> WHAT IS EXPECTED
What is wanted is the line holding "this 2016×1512 image." and every later line through the end of the entries, set down exactly.

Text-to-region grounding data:
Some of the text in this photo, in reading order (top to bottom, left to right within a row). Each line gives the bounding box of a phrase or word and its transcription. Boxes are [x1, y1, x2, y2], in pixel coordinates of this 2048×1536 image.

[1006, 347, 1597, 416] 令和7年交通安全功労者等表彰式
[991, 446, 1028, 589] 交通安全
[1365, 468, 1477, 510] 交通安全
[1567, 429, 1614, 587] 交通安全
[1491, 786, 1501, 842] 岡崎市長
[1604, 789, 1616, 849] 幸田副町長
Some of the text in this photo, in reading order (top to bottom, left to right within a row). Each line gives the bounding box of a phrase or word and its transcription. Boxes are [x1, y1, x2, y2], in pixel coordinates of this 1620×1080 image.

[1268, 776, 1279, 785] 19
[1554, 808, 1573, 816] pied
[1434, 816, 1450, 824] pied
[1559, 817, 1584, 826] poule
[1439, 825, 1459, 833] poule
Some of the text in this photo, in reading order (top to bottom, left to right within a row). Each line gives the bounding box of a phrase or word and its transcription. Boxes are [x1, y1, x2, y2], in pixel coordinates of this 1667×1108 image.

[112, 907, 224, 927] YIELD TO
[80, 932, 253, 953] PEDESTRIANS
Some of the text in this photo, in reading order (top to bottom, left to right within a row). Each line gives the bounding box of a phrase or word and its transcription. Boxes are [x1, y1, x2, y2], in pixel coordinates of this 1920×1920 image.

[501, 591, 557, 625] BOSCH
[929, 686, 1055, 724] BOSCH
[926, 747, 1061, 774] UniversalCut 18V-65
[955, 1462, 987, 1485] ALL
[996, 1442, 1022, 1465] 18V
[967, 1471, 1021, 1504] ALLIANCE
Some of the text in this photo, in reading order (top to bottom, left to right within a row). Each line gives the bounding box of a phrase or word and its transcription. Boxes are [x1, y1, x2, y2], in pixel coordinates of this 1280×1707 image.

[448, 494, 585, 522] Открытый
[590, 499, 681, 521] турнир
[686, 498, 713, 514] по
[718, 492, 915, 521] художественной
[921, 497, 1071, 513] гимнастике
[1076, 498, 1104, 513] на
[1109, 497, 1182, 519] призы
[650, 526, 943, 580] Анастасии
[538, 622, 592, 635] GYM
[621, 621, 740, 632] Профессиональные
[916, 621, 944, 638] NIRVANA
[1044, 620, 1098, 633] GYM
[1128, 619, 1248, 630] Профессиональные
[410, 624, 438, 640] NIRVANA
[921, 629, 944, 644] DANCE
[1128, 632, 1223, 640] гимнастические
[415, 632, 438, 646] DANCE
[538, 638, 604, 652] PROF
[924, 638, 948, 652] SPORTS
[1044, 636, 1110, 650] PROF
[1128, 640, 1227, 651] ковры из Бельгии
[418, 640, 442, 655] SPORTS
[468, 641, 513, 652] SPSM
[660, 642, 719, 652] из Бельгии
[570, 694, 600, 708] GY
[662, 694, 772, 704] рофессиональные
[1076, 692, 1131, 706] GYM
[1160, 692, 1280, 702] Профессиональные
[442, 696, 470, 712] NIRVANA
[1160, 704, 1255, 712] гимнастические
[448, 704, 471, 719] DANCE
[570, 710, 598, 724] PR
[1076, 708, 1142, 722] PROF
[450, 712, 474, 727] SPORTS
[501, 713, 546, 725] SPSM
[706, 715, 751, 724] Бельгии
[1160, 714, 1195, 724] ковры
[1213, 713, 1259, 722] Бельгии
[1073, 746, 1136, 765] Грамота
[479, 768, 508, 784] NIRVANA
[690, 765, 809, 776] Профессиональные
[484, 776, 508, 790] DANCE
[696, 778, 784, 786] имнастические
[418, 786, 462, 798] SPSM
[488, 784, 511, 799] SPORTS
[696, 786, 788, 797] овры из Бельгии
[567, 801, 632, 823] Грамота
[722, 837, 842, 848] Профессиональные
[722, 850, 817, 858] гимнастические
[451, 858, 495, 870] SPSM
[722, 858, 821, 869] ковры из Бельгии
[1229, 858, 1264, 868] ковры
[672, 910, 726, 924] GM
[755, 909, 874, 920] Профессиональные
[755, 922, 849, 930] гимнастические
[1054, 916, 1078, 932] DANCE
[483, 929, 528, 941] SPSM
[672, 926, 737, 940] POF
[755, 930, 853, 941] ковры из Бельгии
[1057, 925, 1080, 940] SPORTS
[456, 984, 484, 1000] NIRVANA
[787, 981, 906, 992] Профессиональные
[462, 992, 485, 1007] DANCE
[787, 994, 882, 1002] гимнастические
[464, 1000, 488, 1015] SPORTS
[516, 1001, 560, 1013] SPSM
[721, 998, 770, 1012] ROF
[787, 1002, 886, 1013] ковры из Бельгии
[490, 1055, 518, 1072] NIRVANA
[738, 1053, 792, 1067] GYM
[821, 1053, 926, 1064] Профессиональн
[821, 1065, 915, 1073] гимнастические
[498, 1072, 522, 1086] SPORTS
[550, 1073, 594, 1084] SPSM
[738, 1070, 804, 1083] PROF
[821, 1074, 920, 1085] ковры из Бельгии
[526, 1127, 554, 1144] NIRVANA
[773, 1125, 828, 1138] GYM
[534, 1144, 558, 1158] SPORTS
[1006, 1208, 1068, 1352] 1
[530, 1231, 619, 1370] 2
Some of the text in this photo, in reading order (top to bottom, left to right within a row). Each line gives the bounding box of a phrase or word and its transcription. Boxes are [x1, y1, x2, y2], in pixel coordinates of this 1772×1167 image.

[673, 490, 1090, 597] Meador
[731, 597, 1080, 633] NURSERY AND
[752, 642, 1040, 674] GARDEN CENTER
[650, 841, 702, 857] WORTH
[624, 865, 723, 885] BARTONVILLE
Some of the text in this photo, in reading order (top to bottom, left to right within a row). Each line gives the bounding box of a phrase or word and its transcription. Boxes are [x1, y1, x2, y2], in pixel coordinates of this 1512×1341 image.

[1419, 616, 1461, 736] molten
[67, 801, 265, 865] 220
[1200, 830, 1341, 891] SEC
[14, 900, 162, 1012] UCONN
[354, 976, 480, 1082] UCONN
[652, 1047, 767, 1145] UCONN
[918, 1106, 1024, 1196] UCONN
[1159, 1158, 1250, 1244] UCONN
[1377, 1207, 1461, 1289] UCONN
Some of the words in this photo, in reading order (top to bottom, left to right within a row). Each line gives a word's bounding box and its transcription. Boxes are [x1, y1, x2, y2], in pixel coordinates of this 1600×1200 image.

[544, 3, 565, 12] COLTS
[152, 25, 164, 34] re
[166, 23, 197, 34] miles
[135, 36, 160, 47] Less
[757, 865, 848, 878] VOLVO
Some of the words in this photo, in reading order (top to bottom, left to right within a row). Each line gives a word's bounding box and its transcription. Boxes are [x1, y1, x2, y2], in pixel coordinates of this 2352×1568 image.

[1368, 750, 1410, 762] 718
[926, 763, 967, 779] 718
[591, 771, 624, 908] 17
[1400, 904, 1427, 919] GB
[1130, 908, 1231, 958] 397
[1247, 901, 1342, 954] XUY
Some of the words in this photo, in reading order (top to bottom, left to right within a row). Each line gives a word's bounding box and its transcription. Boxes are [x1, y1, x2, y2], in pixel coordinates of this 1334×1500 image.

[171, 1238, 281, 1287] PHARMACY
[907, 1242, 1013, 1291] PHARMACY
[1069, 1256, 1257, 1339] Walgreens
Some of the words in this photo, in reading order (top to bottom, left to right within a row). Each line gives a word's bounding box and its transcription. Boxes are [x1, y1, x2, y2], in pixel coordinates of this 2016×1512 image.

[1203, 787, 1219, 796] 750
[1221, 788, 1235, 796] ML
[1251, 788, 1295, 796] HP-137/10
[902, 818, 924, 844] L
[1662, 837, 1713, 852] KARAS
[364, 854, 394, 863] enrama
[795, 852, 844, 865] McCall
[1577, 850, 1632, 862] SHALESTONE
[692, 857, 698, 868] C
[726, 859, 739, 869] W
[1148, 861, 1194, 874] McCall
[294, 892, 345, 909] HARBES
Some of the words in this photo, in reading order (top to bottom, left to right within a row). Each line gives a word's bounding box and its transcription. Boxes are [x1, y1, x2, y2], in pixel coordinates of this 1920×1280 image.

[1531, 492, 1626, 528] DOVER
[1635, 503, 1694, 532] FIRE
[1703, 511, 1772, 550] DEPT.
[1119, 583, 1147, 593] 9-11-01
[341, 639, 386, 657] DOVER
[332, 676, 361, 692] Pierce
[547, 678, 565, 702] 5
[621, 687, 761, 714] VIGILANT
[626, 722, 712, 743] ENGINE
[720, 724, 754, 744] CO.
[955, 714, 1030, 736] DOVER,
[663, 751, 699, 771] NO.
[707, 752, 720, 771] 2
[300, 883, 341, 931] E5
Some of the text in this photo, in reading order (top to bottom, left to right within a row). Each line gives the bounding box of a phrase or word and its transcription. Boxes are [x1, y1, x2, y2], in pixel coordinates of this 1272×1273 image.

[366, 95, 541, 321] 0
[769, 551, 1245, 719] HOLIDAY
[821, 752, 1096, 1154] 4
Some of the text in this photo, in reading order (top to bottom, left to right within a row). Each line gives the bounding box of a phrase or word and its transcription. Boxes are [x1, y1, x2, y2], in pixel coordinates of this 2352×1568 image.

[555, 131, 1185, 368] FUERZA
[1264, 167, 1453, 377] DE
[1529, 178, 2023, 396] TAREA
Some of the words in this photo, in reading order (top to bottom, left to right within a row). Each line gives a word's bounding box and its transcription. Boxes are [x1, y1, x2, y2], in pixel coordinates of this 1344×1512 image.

> RESULT
Some of the words in this photo, in reading order (top to bottom, left to right within a row). Each line gives a word's bounding box and its transcription. Boxes are [x1, y1, x2, y2], in pixel coordinates of this 2016×1512 image.

[1203, 787, 1219, 796] 750
[1221, 788, 1235, 796] ML
[1251, 788, 1295, 796] HP-137/10
[902, 818, 924, 844] L
[1662, 837, 1713, 852] KARAS
[364, 854, 394, 863] enrama
[795, 852, 844, 865] McCall
[1577, 850, 1632, 862] SHALESTONE
[692, 857, 698, 868] C
[726, 859, 739, 869] W
[1148, 861, 1194, 874] McCall
[294, 892, 345, 909] HARBES
Some of the words in this photo, in reading order (top to bottom, left to right within a row). Each line gives a word's bounding box and its transcription. Boxes are [x1, y1, x2, y2], in pixel coordinates of this 1920×1280 image.

[1531, 492, 1626, 528] DOVER
[1635, 503, 1694, 532] FIRE
[1703, 511, 1772, 550] DEPT.
[1119, 583, 1147, 593] 9-11-01
[341, 639, 386, 657] DOVER
[332, 676, 361, 692] Pierce
[547, 678, 565, 702] 5
[621, 687, 761, 714] VIGILANT
[626, 722, 712, 743] ENGINE
[720, 724, 754, 744] CO.
[955, 714, 1030, 736] DOVER,
[663, 751, 699, 771] NO.
[707, 752, 720, 771] 2
[300, 883, 341, 931] E5
Some of the text in this photo, in reading order (top to bottom, left to right within a row). Each line gives the bounding box of a phrase or word and its transcription. Boxes are [x1, y1, x2, y2], in pixel coordinates of this 1272×1273 image.

[366, 95, 541, 321] 0
[769, 551, 1245, 719] HOLIDAY
[821, 752, 1096, 1154] 4
Some of the text in this photo, in reading order (top to bottom, left to right within a row). Each line gives the bounding box of a phrase or word and its transcription. Boxes are [x1, y1, x2, y2], in pixel coordinates of this 2352×1568 image.

[555, 131, 1185, 368] FUERZA
[1264, 167, 1453, 377] DE
[1529, 178, 2023, 396] TAREA
Some of the words in this photo, in reading order (top to bottom, left to right within a row). Each line gives a word's bounding box and its transcription. Boxes are [x1, y1, x2, y2], in pixel coordinates of this 1344×1512 image.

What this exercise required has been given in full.